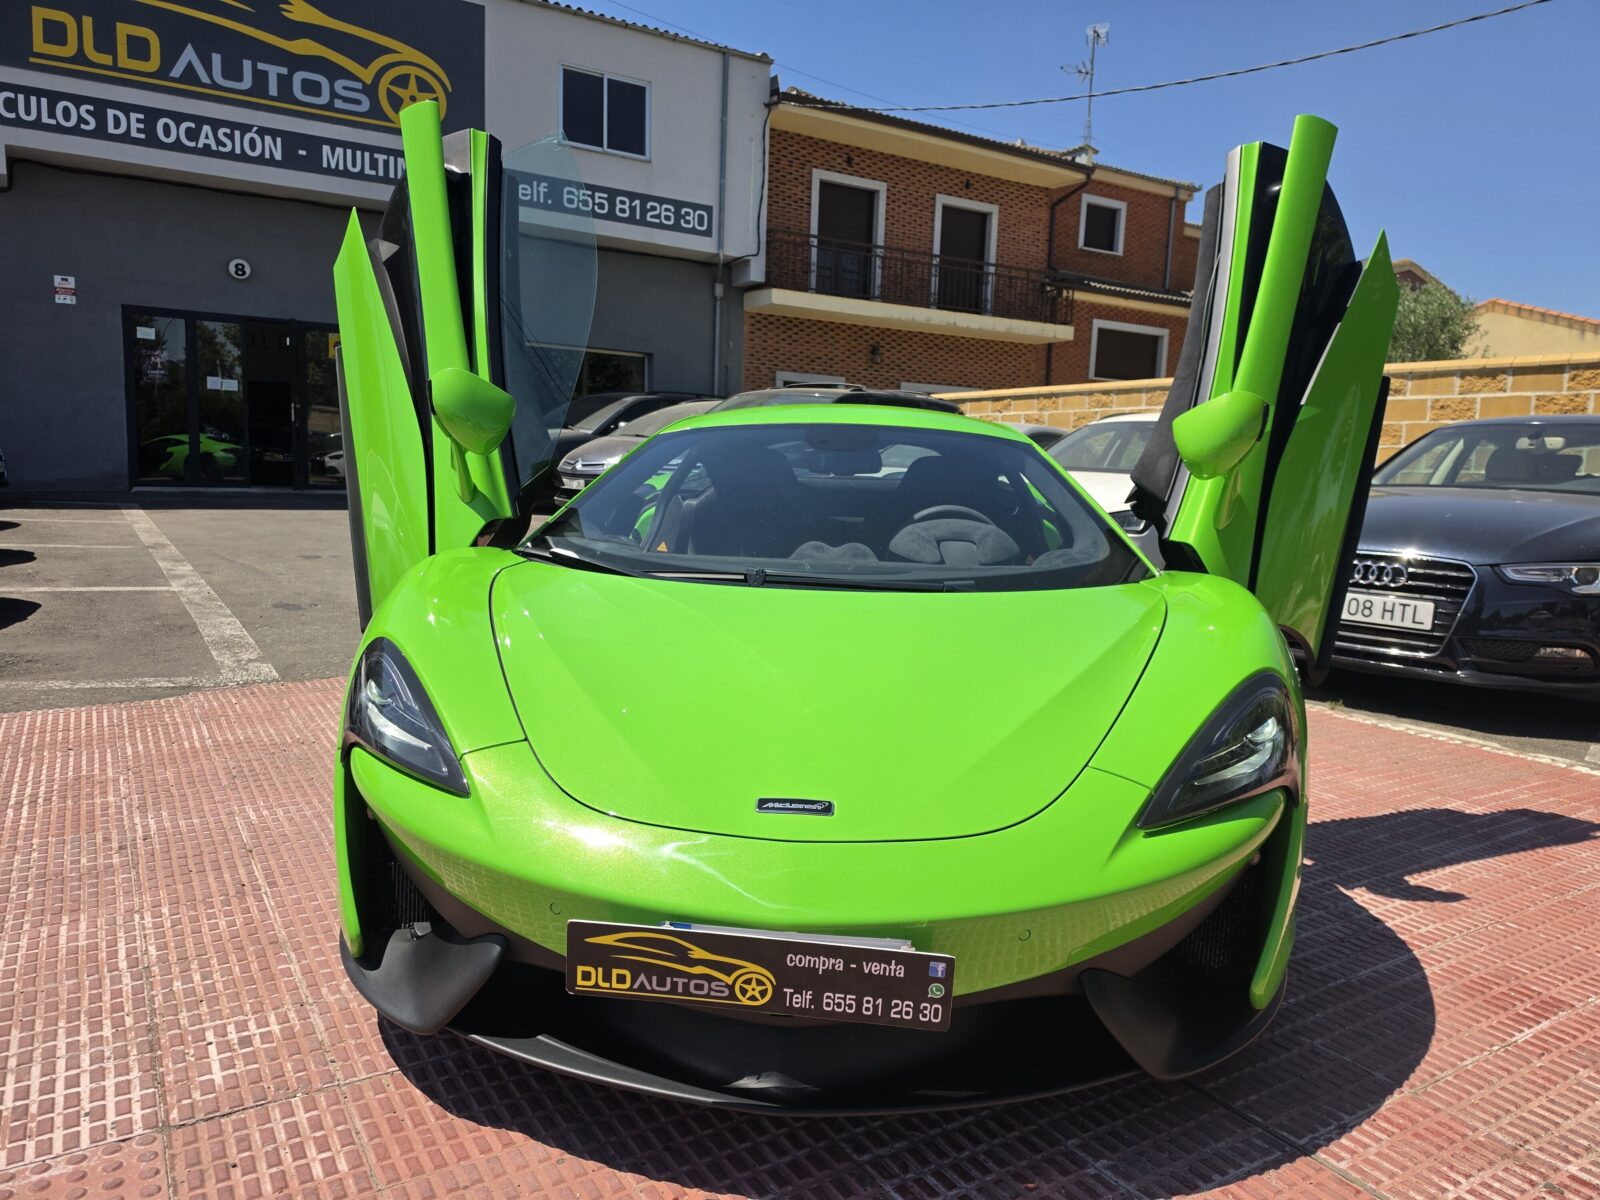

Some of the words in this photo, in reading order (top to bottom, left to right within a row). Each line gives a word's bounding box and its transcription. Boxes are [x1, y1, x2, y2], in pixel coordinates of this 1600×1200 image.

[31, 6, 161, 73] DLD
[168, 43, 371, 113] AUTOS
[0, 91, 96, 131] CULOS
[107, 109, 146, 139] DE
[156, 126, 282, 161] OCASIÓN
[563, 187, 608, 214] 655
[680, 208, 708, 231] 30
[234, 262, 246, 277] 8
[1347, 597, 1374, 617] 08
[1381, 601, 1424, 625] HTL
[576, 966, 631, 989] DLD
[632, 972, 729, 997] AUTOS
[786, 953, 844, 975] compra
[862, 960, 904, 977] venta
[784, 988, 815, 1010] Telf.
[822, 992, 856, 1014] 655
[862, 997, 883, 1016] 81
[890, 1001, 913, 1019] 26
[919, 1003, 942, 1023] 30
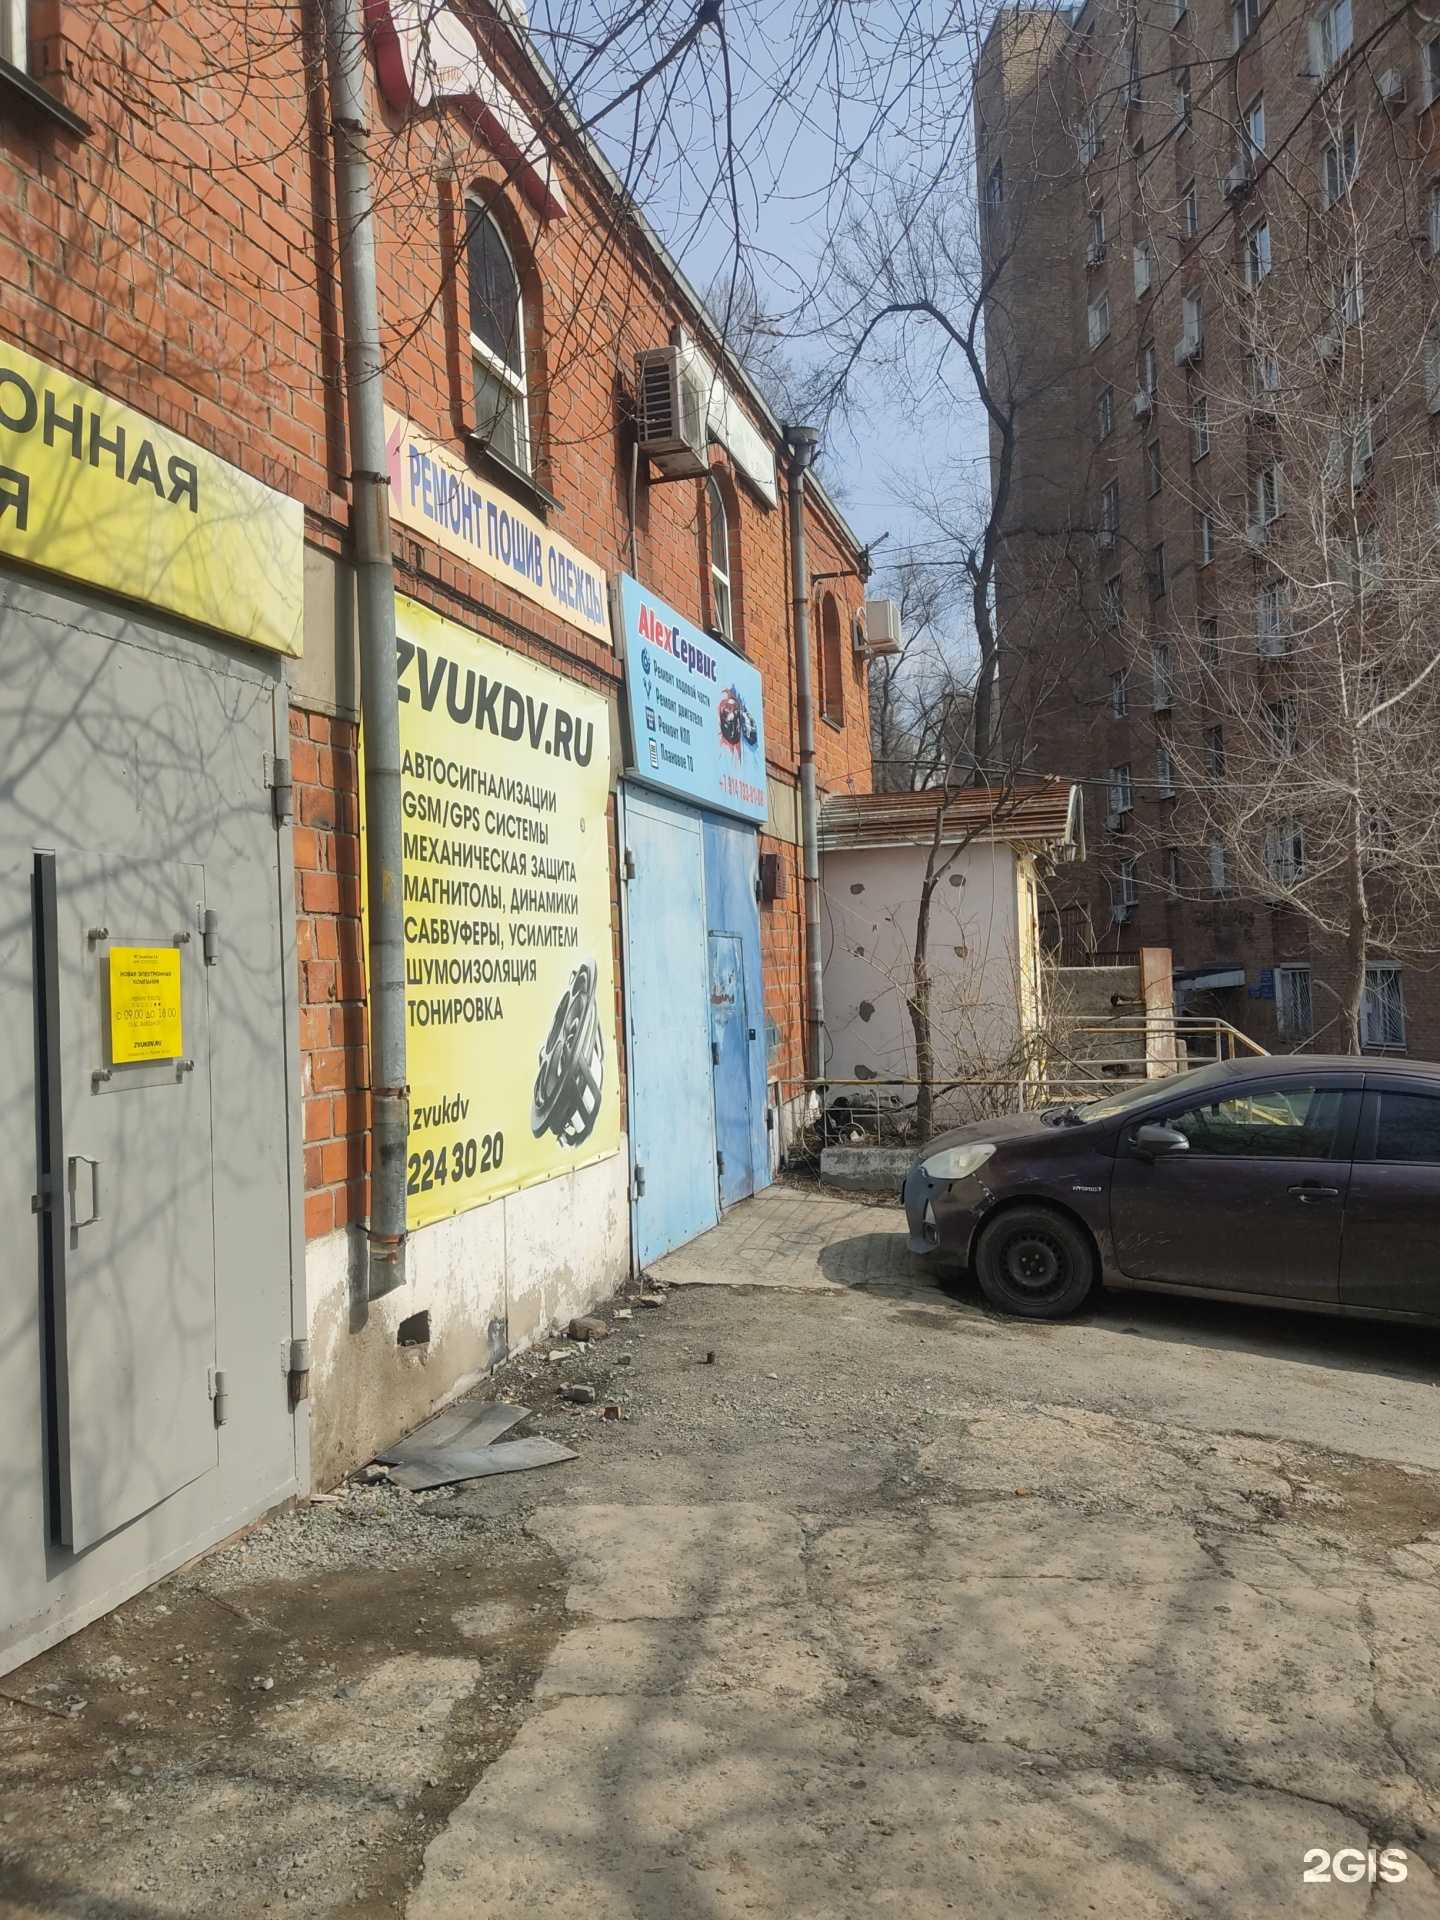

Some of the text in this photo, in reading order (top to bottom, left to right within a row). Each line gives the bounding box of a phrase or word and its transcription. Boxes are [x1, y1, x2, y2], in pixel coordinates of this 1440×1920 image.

******************************

# [What is expected]
Every record above, copied exactly and without a single picture, makes up the answer.

# [Solution to the problem]
Some of the words in this photo, in reading order (top to bottom, left to right within a row). Each line gives a word's bounding box and its transcription. Boxes are [x1, y1, x2, y2], in pixel coordinates of this 1600×1200 image.

[31, 6, 161, 73] DLD
[168, 43, 371, 113] AUTOS
[0, 91, 96, 131] CULOS
[107, 109, 146, 139] DE
[156, 126, 282, 161] OCASIÓN
[563, 187, 608, 214] 655
[680, 208, 708, 231] 30
[234, 262, 246, 277] 8
[1347, 597, 1374, 617] 08
[1381, 601, 1424, 625] HTL
[576, 966, 631, 989] DLD
[632, 972, 729, 997] AUTOS
[786, 953, 844, 975] compra
[862, 960, 904, 977] venta
[784, 988, 815, 1010] Telf.
[822, 992, 856, 1014] 655
[862, 997, 883, 1016] 81
[890, 1001, 913, 1019] 26
[919, 1003, 942, 1023] 30

Some of the text in this photo, in reading order (top to bottom, left to right within a row). Each line gives the bounding box of a phrase or word and its transcription. Boxes are [x1, y1, x2, y2], in pixel coordinates of this 1440×1920 image.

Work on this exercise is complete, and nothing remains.